Of course, the definition of a negative output gap — and determination of what magnitude — depends on an estimates of potential GDP. And this is variable that is not directly observable. CBO uses a production function approach, while time series methods are an alternative. Figure 3 depicts the July 2020 CBO estimate, and a time series method of extracting a trend. [Yet another approach would be to use a model — like a Phillips curve — to extract potential, a la Ball and Mankiw (2002); see this post].
Figure 3: Real GDP (bn Ch.2012$, SAAR) (black line), potential GDP CBO estimate from July 2020 (gray line), from January 2020 (chartreuse line), HP filter (pink line), and CBO July 2020 projection (red line). Source: BEA, GDP 2020Q1 3rd release, and CBO, An Update of the Economic Outlook (July 2020), [data], Budget and Economic Outlook (January 2020), and author’s calculations.
There are many ways to estimate a trend — using linear deterministic time trends (with higher order terms), moving averages, and more complicated transformations.
The Hodrick-Prescott filter is a ubiquitous two-sided filter used in time series macroeconometrics and elsewhere. Essentially, the HP filter calculates a trend that minimizes the weighted sum of squared deviations from trend, and squared changes in the the growth rate of the trend. This weighting is controlled by a parameter which is usually set at 1600 for quarterly data. As a public service, I’ll note there are serious hazards associated with this filter, especially when trying to correlate various macro series that have been put through the same filter .
There is an additional problem (which is often ignored), namely that the HP filter is two-sided, so that running the filter up to the end point of data will tend to result in the trend being too close to the last data point (in our case, the output gap will be pulled to zero).
Alternative time series methods include band pass filters; the one most commonly used in the macroeconometric literature is the Baxter-King version.
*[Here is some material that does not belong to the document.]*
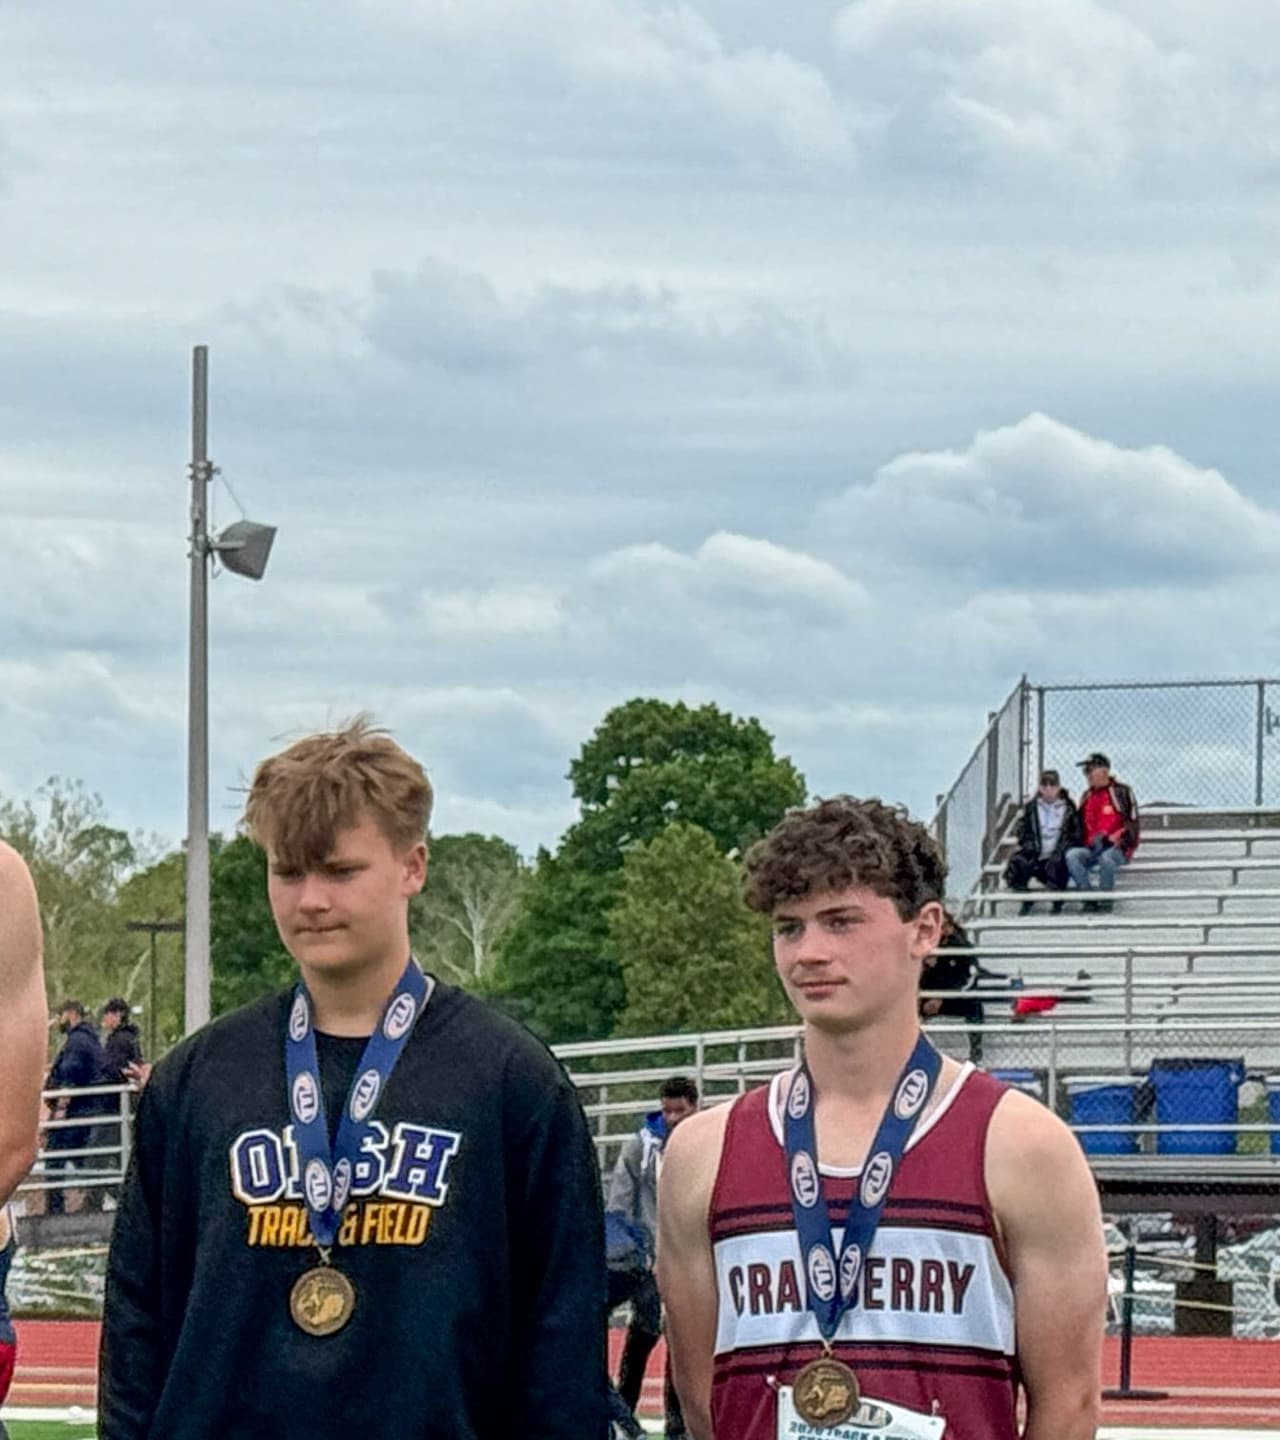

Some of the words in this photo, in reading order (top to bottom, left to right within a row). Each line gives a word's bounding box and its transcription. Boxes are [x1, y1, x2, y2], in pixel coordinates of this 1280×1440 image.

Band pass filters are called this because (in the frequency domain) they pass through any cyclical components within a particular frequency band, and elimates the others. In the time domain, this means fluctuations that are shorter or longer than a specific length are ignored. In the business cycle area, then, in order to use this filter, one would have to have a prior on how long a “typical” business cycle is. More on both the HP and BP filters can be found in Tim Cogley’s entry for the New Palgrave Dictionary of Economics 
In order to circumvent the two-sided filter aspect of the HP filter, one could do a standard fix, which is to use an ARIMA(1,1,1) on log GDP to dynamically forecast out 12 quarters, and then apply the HP filter to this “extended” series. I could have done a similar procedure for the BP filter. Alternatively, one could use the Christiano and Fitzgerald (2003) one-sided asymmetric version of the band pass filter to estimate the trend series.
I implement these methods in this post, but for here, I’ll just note the difference between time series and production function approaches. And even different vintages of the CBO estimates vary, as additional information comes in. One might hope that the estimates don’t change too much between projections — but one can see from Figure 3 that in the case of the 2020 Covid-19 episode, there is a noticeable change.
[I skip issues related to data revisions which have implications on the use of real time vs. final revised data — see Orphanides and van Norden (2002) [pdf].]
Despite these complications, the distinction between the rate of change in economic output, and where output levels will gravitate to (and at what pace) is a useful one to keep in mind. [Or as I tell my students, just because you’re out of the recession and into a recovery doesn’t mean you’re not in a world of pain…]
Update, 7/15 7:30pm:
David Andolfatto notes high frequency data suggests possibility of a W.